WHAT TO DO:
Would you output the listing exactly, with every image omitted?
(ENTRIES SUPPLIED Opens)
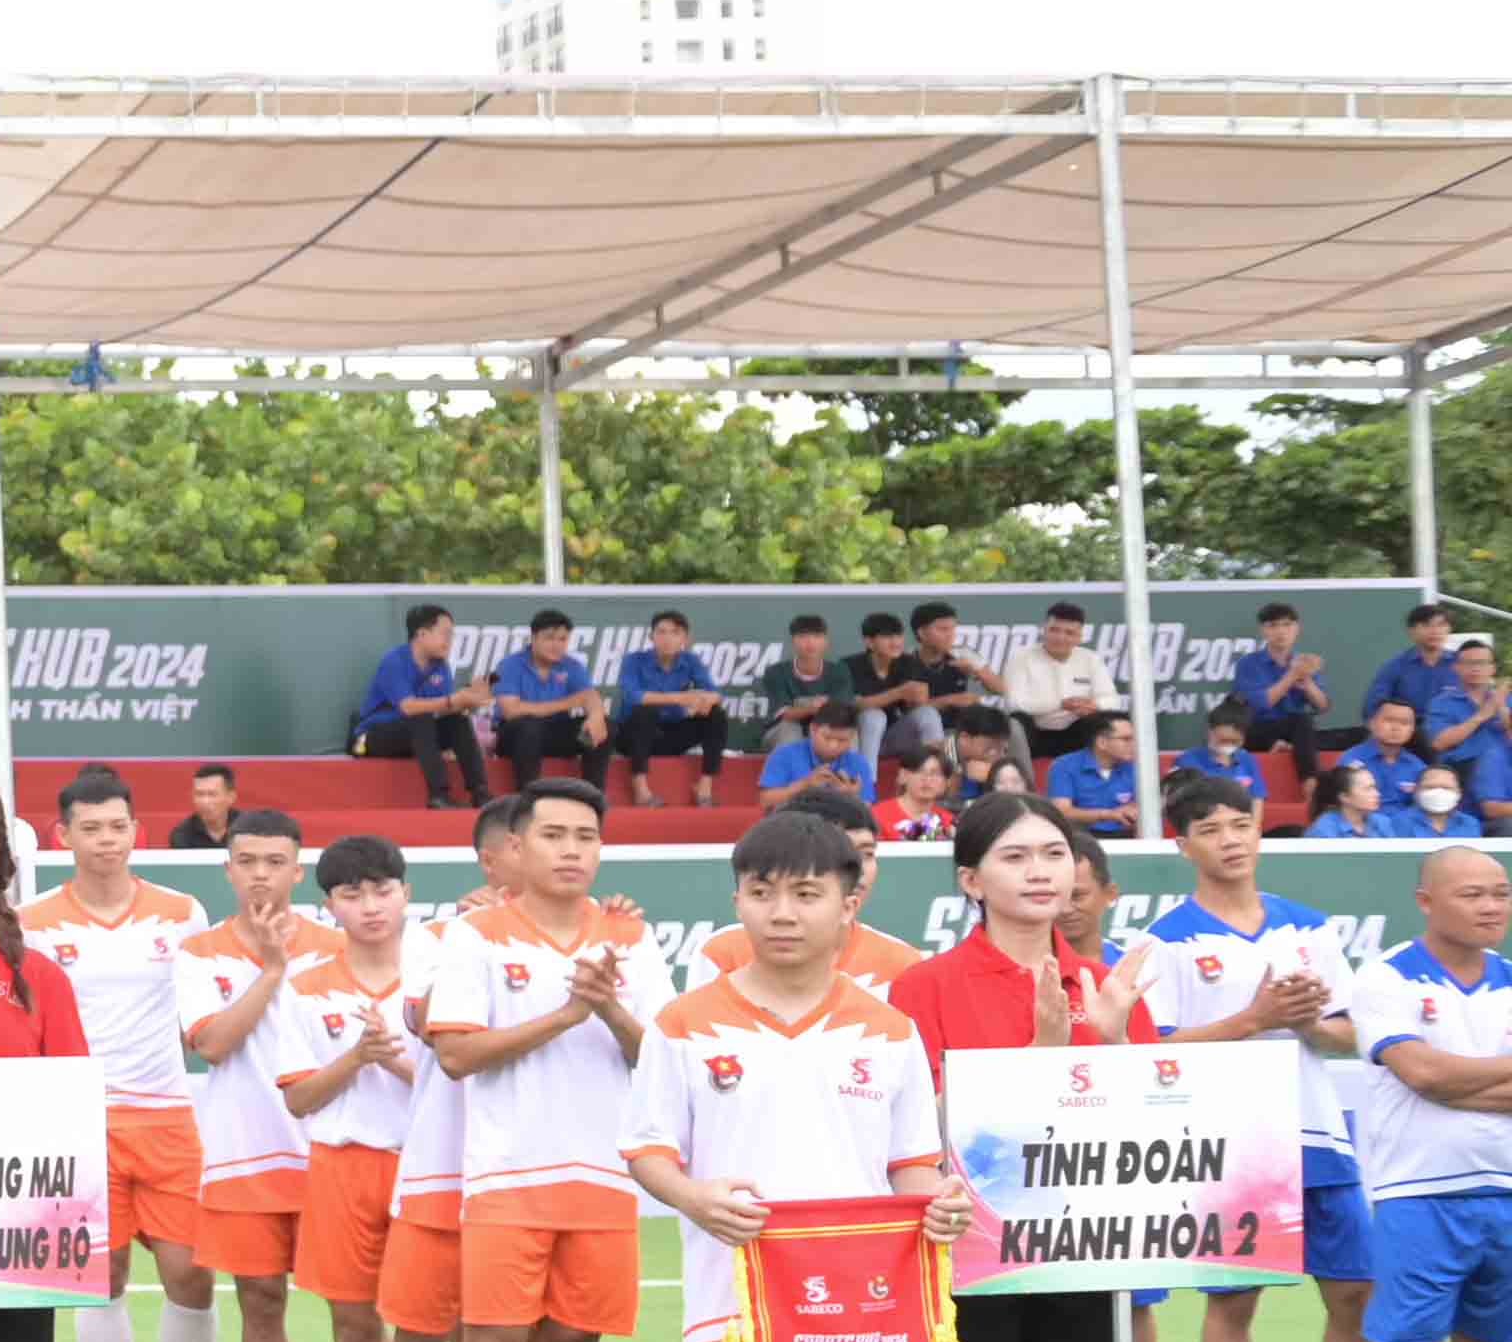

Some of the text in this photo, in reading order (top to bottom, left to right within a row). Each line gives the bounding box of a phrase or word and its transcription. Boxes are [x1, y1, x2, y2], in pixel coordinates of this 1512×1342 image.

[107, 643, 208, 689] 2024
[131, 693, 199, 725] VIỆT
[1057, 1096, 1107, 1108] SABECO
[29, 1156, 76, 1211] MẠI
[1021, 1126, 1226, 1188] TỈNH ĐOÀN
[57, 1215, 91, 1282] BỘ
[1000, 1200, 1260, 1264] KHÁNH HÒA 2
(ENTRIES SUPPLIED Closes)
COMPLETED EXERCISE:
Some of the text in this photo, in reading order (top to bottom, left to right within a row). Each line gives the bounding box of a phrase or word and its transcription. Boxes are [x1, y1, x2, y2], in pixel coordinates of this 1512×1342 image.

[107, 643, 208, 689] 2024
[131, 693, 199, 725] VIỆT
[1057, 1096, 1107, 1108] SABECO
[29, 1156, 76, 1211] MẠI
[1021, 1126, 1226, 1188] TỈNH ĐOÀN
[57, 1215, 91, 1282] BỘ
[1000, 1200, 1260, 1264] KHÁNH HÒA 2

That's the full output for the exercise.